Call of Duty: Warzone keeps breaking player records, amassing an insane 15 million players in just three days time.

Call of Duty's new free-to-play Warzone battle royale is growing faster than Apex Legends and Fortnite. Thanks to a tremendous signal boost from streaming titans like Ninja and Dr. Disrespect, the 150-player BR has attracted 15 million players in 3 days. The BR was at 6 million downloads in its first day. Warzone has now grown by an incredible 9 million players sequentially in just two days.

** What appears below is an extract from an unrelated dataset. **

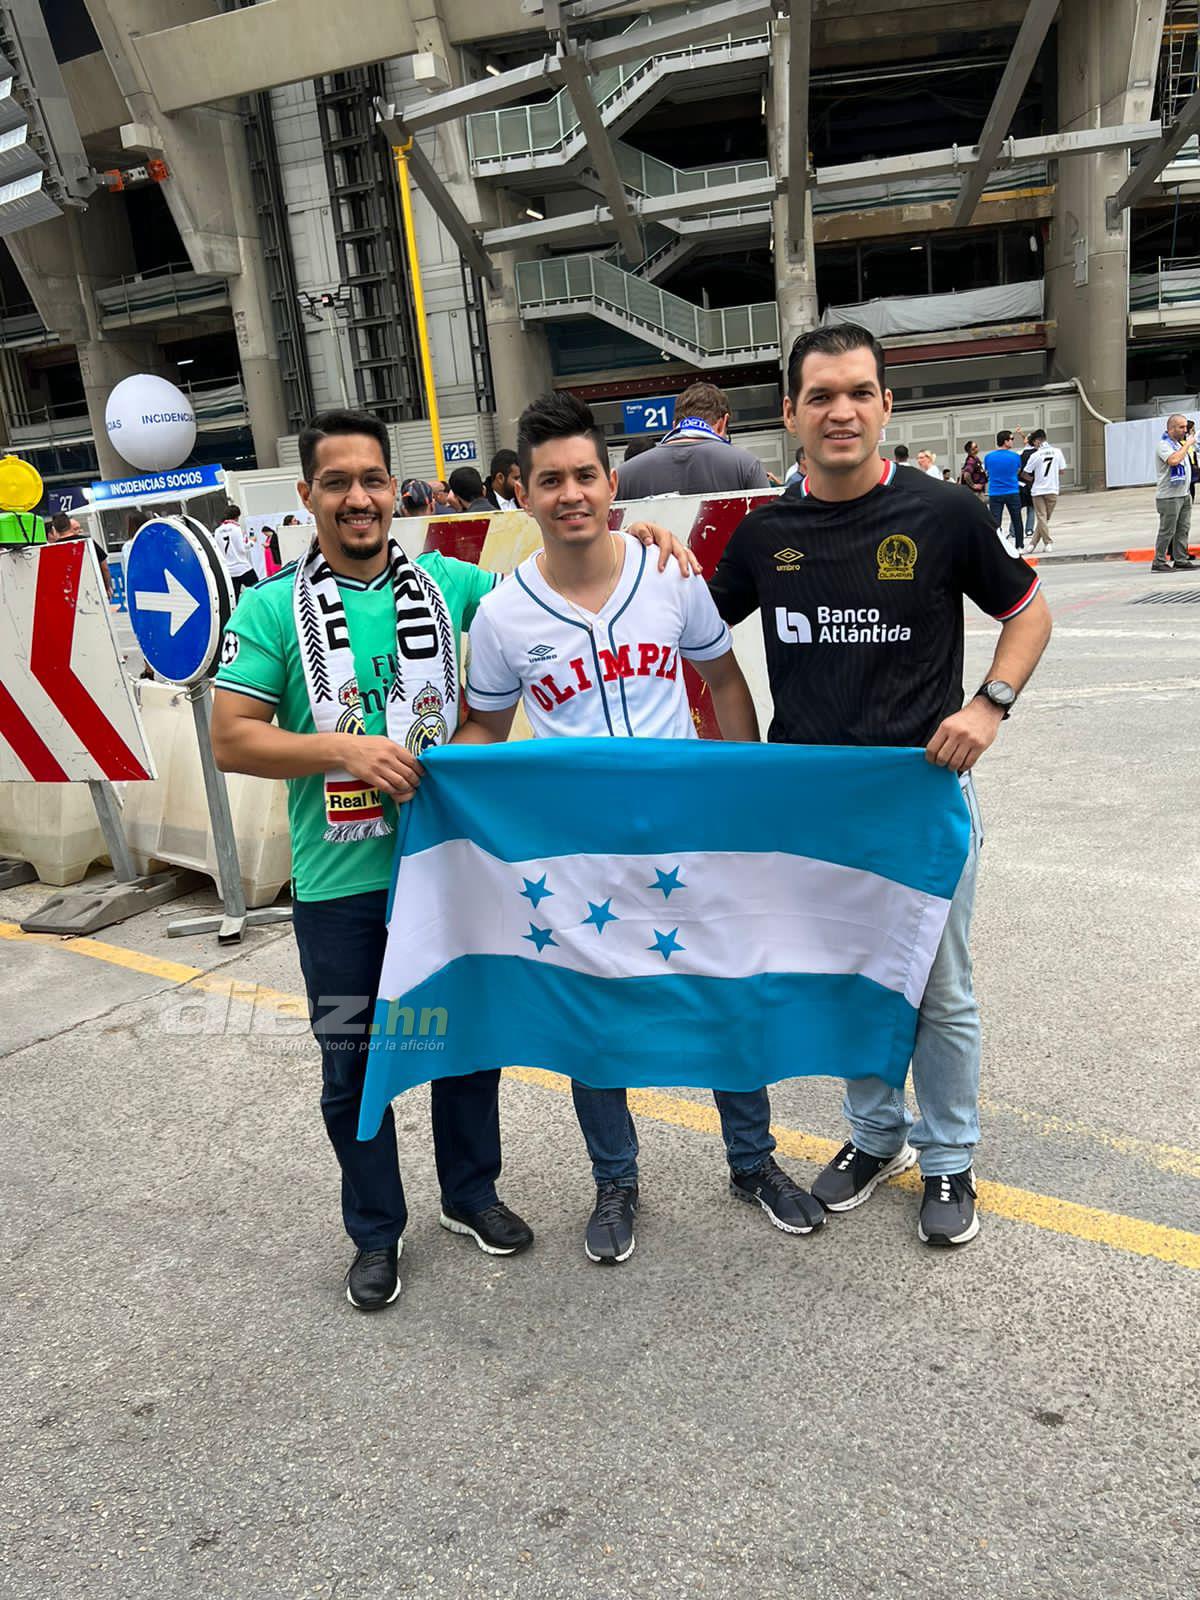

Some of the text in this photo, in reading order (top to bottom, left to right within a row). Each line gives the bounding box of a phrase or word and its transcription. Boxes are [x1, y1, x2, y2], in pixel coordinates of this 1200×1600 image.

To put those numbers into perspective, Niko Partners analyst Daniel Ahmad delivered some quick figures. Warzone is beating other free-to-play battle royale games in comparative timelines: Apex hit 10 million in three days, compared to Warzone's 15 million in three days. At its current rate, the Call of Duty BR is accelerating 50% faster than Apex Legends.
Here's a visual graph to show this growth:

It took Fortnite 2 weeks to get up to 10 million players. And it took PUBG roughly 7 months to hit 15 million copies sold, but that's a buy-to-play premium game.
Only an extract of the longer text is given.